Прокоп схватил ее, сотрясаясь от рыданий.
— Ну что ж, так уж случилось, — зашептала она, погладила его по волосам. — Ты тоже мечешься на цепи, правда? И все же я не поменялась бы… не поменялась с той, какой я была. Милый, милый, я знаю — ты меня покинешь.
Она сломилась в его руках; он поднял ее, поцелуями раскрыл сомкнутые губы.
Она отдыхала с закрытыми глазами, еле слышно дыша; Прокоп, склонясь над ней, изучал непостижимый мир этого страстного, напряженного лица — и сердце его сжималось. Княжна очнулась, как от сна.
— Что это у тебя здесь в бутылках? Ядовитое? — Она встала и принялась рассматривать его полки, приборы. — Дай мне какого-нибудь яду.
— Для чего?
— На случай, если меня захотят увезти отсюда.

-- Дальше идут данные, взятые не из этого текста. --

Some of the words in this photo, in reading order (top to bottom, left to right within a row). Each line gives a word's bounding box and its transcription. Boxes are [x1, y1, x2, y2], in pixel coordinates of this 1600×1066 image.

Серьезное выражение лица княжны встревожило Прокопа, и, чтоб обмануть ее, он начал отмерять в пузырек растворенный мел; но тут она наткнулась на кристаллический мышьяк.

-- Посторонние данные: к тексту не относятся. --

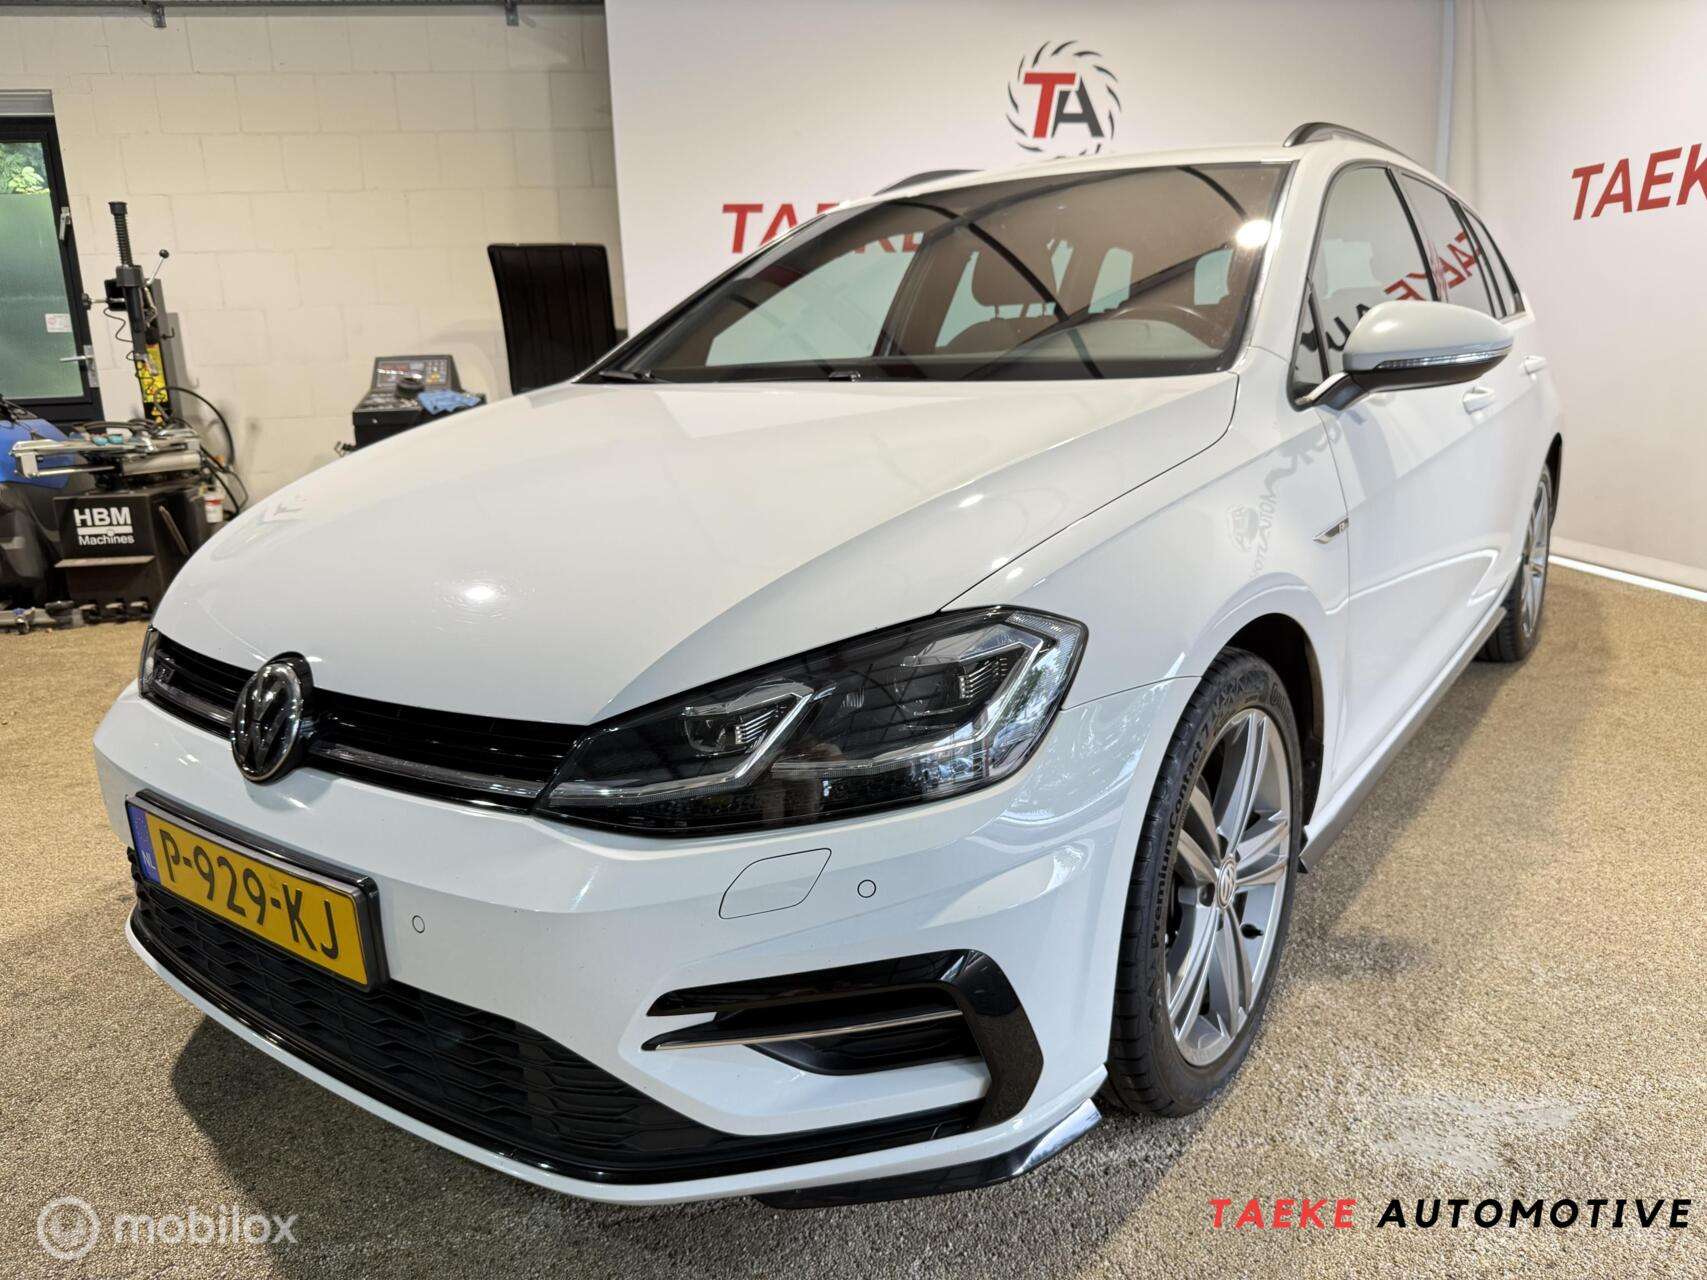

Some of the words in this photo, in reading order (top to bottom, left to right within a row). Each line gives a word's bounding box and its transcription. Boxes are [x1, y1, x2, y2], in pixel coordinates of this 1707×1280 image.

[1023, 72, 1104, 138] TA
[73, 506, 132, 527] HBM
[78, 534, 135, 546] Machines
[159, 828, 340, 960] P-929-KJ

— Не тронь! — крикнул он, но Вилле уже спрятала склянку в сумочку.
— Значит, ты можешь стать знаменитым, — шепнула она. — А я об этом и не подумала. Говоришь, Дарвина несли герцоги? Кто именно?
— Да это не важно.
Поцеловала его.
— Ты — милый! Как же неважно?
— Ну, если хочешь — герцоги Аргайльский… и Девонширский, — неохотно отозвался он.
— В самом деле! — Она глубоко задумалась, морщина пересекла ее лоб. — Никогда я не предполагала, что ученые такие… А ты сказал мне это просто так, мимоходом — хорош! — Дотронулась до его груди и плеч, словно он — новый для нее предмет. — А ты — ты тоже мог бы?.. Правда?

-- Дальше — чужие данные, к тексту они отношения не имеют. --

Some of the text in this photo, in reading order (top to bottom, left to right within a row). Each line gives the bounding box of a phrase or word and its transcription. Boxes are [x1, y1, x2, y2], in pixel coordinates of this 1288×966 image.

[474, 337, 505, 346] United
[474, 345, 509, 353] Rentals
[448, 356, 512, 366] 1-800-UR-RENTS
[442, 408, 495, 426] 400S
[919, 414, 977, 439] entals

— А вот дождись моих похорон.
— Ох, скорей бы! — рассеянно проговорила она с бессознательной жестокостью. — Ты стал бы ужасно красивым, если б сделался знаменитым. Знаешь, что мне больше всего в тебе нравится?
— Не знаю.
— И я не знаю, — задумчиво протянула Вилле и снова поцеловала его. — Теперь уже не знаю. Теперь, кто бы ты ни был, какой бы ты ни был… — И она беспомощно пожала плечами. — Попросту это навсегда, понимаешь?
Прокоп был потрясен таким строгим однолюбием. Она стояла перед ним, закутанная в мех голубого песца, глядела влажными, мерцающими в сумерках глазами.
— Ох, — вздохнула вдруг княжна, опускаясь на краешек стула, — ноги дрожат!